Designing a language of motion that not only speaks to who that character is, but is also unique to that character is already something that I feel is an important element of an animator’s work. All the more so when animating characters who look alike.
To put it in 3D animation terms, these characters have identical rigs. Their T-poses are identical, their geometry, controls, and keyable attributes are exactly the same. So how do you, the animator– and, more to the point, the audience– distinguish one from the other?
Sometimes it can be as simple as defining a character’s posture. In The Double (one of my favourite films) Jesse Eisenberg defines wonderfully the doppelgangers Simon James and James Simon through posture and speaking patterns. This alone effects the way they walk, sit, and interact with their environment. A lot of mileage for what may seem like a minor change.

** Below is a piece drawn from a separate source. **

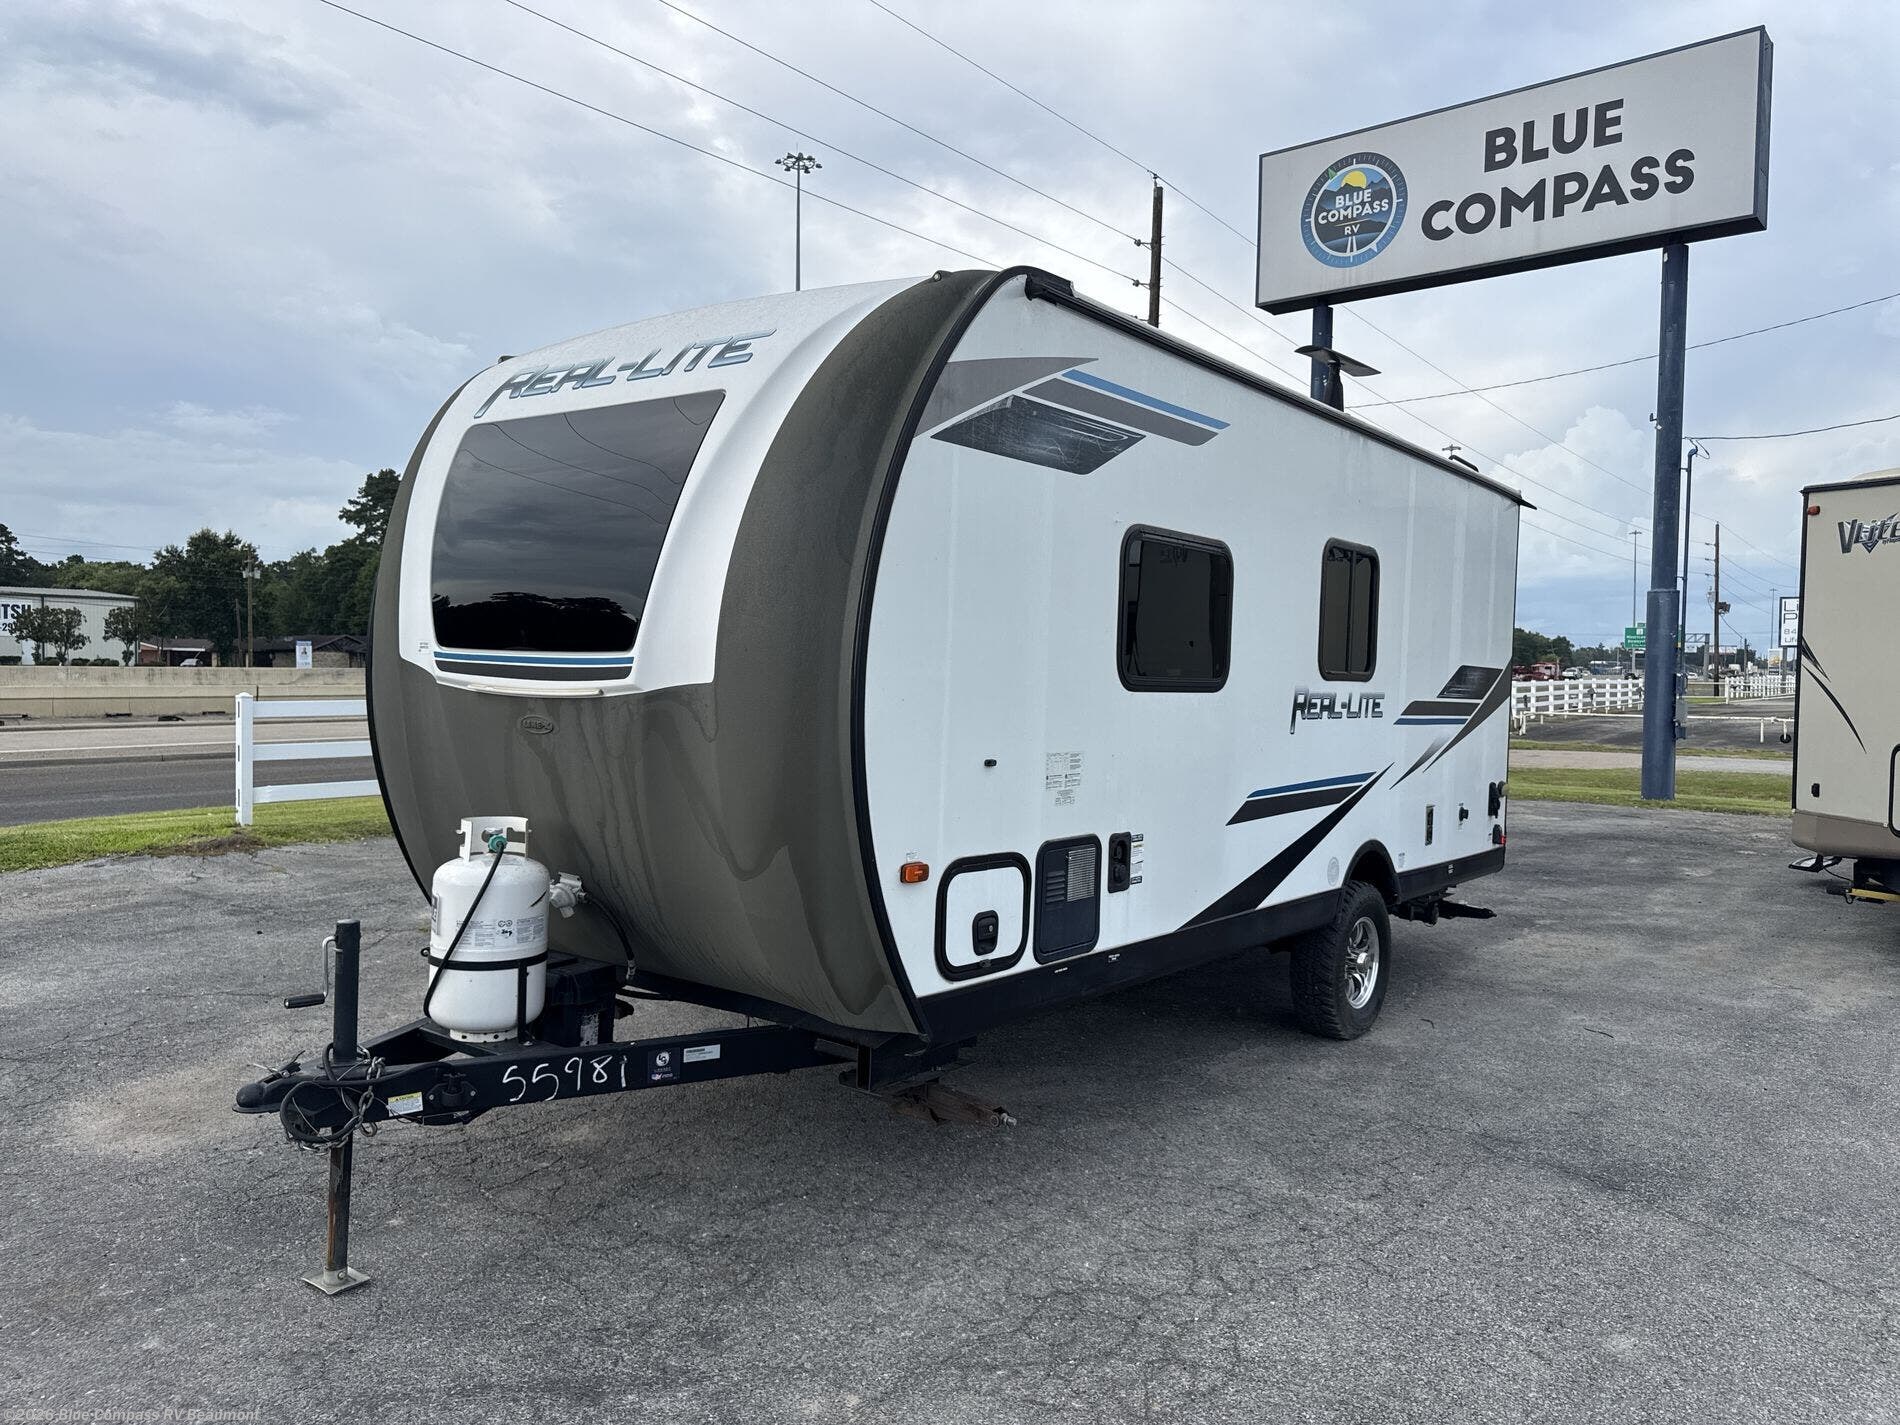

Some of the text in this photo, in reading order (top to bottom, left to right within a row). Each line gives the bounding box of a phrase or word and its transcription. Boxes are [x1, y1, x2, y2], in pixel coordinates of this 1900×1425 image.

But personality differences can be a lot more subtle, and physicalizing those nuances requires a less obvious approach. The actor Josh Pence, who played the Winklevoss twins alongside Armie Hammer on set of The Social Network, said:
“Before preproduction I watched Dead Ringers. Jeremy Irons is amazing, and one thing that he talked about in an interview that I read was, the way that he could tell the difference between the two characters was where he put the weight on his feet. One of the brothers would have his weight back on his heels, if he was the other he’d be a little more forward, on the balls of his feet.”
Posing and weight can make all the difference. It can be simple, but it should be artful. Look for those opportunities to distinguish one character from another through movement, posture, centre of gravity, and attitude. Especially if they share a face.